Case ID: pa_454/html/0337-01.html
Source: Caselaw Access Project
Author: {"author": "Mr. Justice Pomeroy,", "license": "Public Domain", "url": "https://static.case.law/"}
Date Created: 2024-08-24T03:29:51.129683

Commonwealth v. Moore, Appellant.
    
      Argued November 16, 1972.
    Before Jones, C. J., Eagen, O’Brien, Roberts, Pomeroy, Nix and Mander-INO, JJ.
    
      Dennis Haggerty, for appellant.
    
      William J. Stevens, Jr., Assistant District Attorney, with him Robert B. Lmoler and Milton M. Stein, Assistant District Attorneys, Richard A. Sprague, First Assistant District Attorney, and Arlen Specter, District Attorney, for Commonwealth, appellee.
    November 26, 1973:
   Opinion by

Mr. Justice Pomeroy,

On the evening of July 11, 1969, one Granville Sawyer was fatally shot in the abdomen at his home in Philadelphia. One week later the appellant, Irvin Moore, aged 23, was arrested in connection with the incident and gave two incriminating statements to the police. He was subsequently indicted, and, after a jury trial, was convicted of first degree murder and aggravated robbery. Post-trial motions were denied and Moore was sentenced to life imprisonment. This is a direct appeal from the judgment of sentence.

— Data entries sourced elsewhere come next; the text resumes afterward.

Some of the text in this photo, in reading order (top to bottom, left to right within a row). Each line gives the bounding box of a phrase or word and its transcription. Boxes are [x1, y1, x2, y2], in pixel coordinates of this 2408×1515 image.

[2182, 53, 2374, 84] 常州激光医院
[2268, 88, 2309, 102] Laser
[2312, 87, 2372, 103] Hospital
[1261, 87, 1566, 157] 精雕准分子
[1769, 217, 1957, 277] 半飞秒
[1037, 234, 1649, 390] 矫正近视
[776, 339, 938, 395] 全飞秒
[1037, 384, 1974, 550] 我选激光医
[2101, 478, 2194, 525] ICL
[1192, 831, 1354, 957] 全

The principal contention urged upon us in support of reversal is that appellant’s two inculpatory statements were involuntary and should have been suppressed. It is also asserted that the trial judge committed error in charging the jury on felony murder when the jury had asked only for further instructions as to voluntary manslaughter. We conclude that the court below was correct in denying the motions in arrest of judgment and for a new trial, and will, therefore, affirm.

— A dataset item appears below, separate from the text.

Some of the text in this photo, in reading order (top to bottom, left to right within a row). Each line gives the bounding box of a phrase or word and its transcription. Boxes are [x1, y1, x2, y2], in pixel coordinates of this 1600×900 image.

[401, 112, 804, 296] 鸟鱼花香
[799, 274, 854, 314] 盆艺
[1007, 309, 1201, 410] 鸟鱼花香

I. Voluntariness of the Confession

The attack on appellant’s statements to the police is that, at the time of his interrogation, he was undergoing severe heroin withdrawal pains to the extent that he could not, of his own free will, make a decision to confess. Appellant was arrested at his home on July 18, 1969, a week following the shooting, at about 3:3Q in the morning. After being taken to Police Headquarters and given full Miranda warnings, Moore gave his first statement to the police detectives. The written statement was substantially prepared between 6 and 7 o’clock. Appellant, then complaining of stomach cramps and watering eyes, was examined by a police doctor. The doctor made a report in which he found that Moore was “suffering from acute withdrawal symptoms and is a manifestation of narcotic addiction.” The report continued: “However, it is my opinion that he is quite alert and is lucid and fully capable of making a valid statement.” Appellant then completed, read and signed his statement at 7:20 a.m. Two hours later the detectives took appellant to the Philadelphia General Hospital for treatment of the withdrawal symptoms. Upon returning to Police Headquarters at about 11 o’clock, Moore made a second inculpatory statement to another detective.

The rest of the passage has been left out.